● **Brief**
All entries need to be written out again exactly, without their pictures.

□ □ □ □ □ □ □

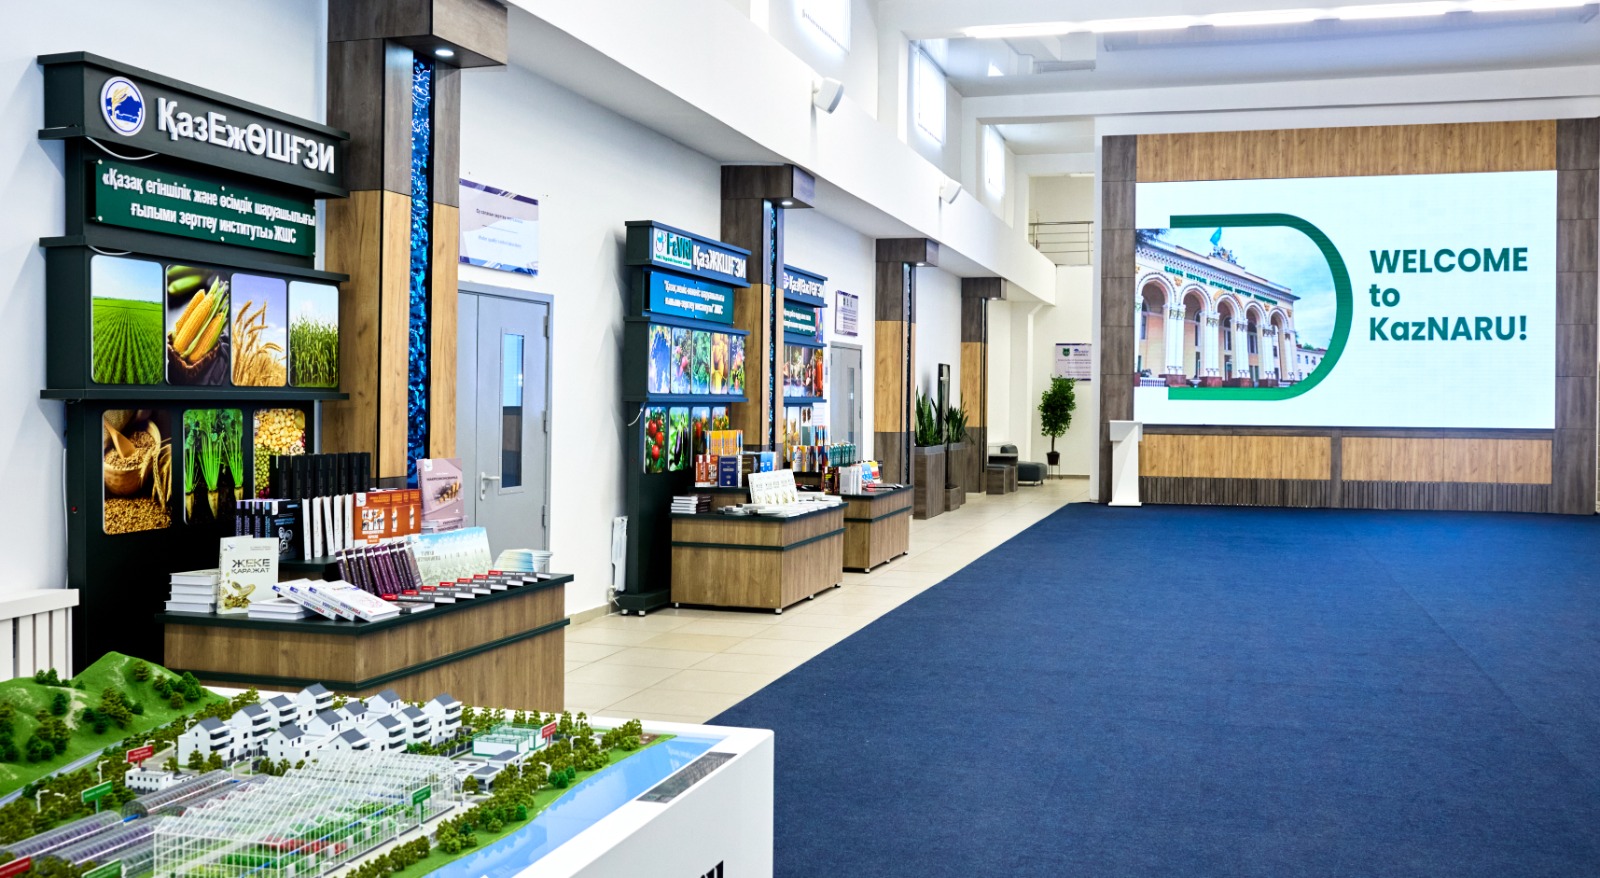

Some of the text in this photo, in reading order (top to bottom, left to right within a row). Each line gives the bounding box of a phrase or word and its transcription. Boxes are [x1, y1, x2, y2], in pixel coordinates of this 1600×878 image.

[157, 97, 336, 174] ҚазЕжӨШҒЗИ
[145, 178, 193, 201] егіншілік
[193, 188, 218, 206] және
[219, 192, 253, 215] өсімдік
[130, 202, 177, 223] ғылыми
[178, 211, 218, 234] зерттеу
[273, 225, 296, 244] ЖШС
[1369, 247, 1528, 274] WELCOME
[1369, 282, 1401, 307] to
[1369, 315, 1528, 342] KazNARU!
[232, 559, 270, 568] ЖЕКЕ

□ □ □ □ □ □ □

● **Exercise answer**
Some of the text in this photo, in reading order (top to bottom, left to right within a row). Each line gives the bounding box of a phrase or word and its transcription. Boxes are [x1, y1, x2, y2], in pixel coordinates of this 1600×878 image.

[157, 97, 336, 174] ҚазЕжӨШҒЗИ
[145, 178, 193, 201] егіншілік
[193, 188, 218, 206] және
[219, 192, 253, 215] өсімдік
[130, 202, 177, 223] ғылыми
[178, 211, 218, 234] зерттеу
[273, 225, 296, 244] ЖШС
[1369, 247, 1528, 274] WELCOME
[1369, 282, 1401, 307] to
[1369, 315, 1528, 342] KazNARU!
[232, 559, 270, 568] ЖЕКЕ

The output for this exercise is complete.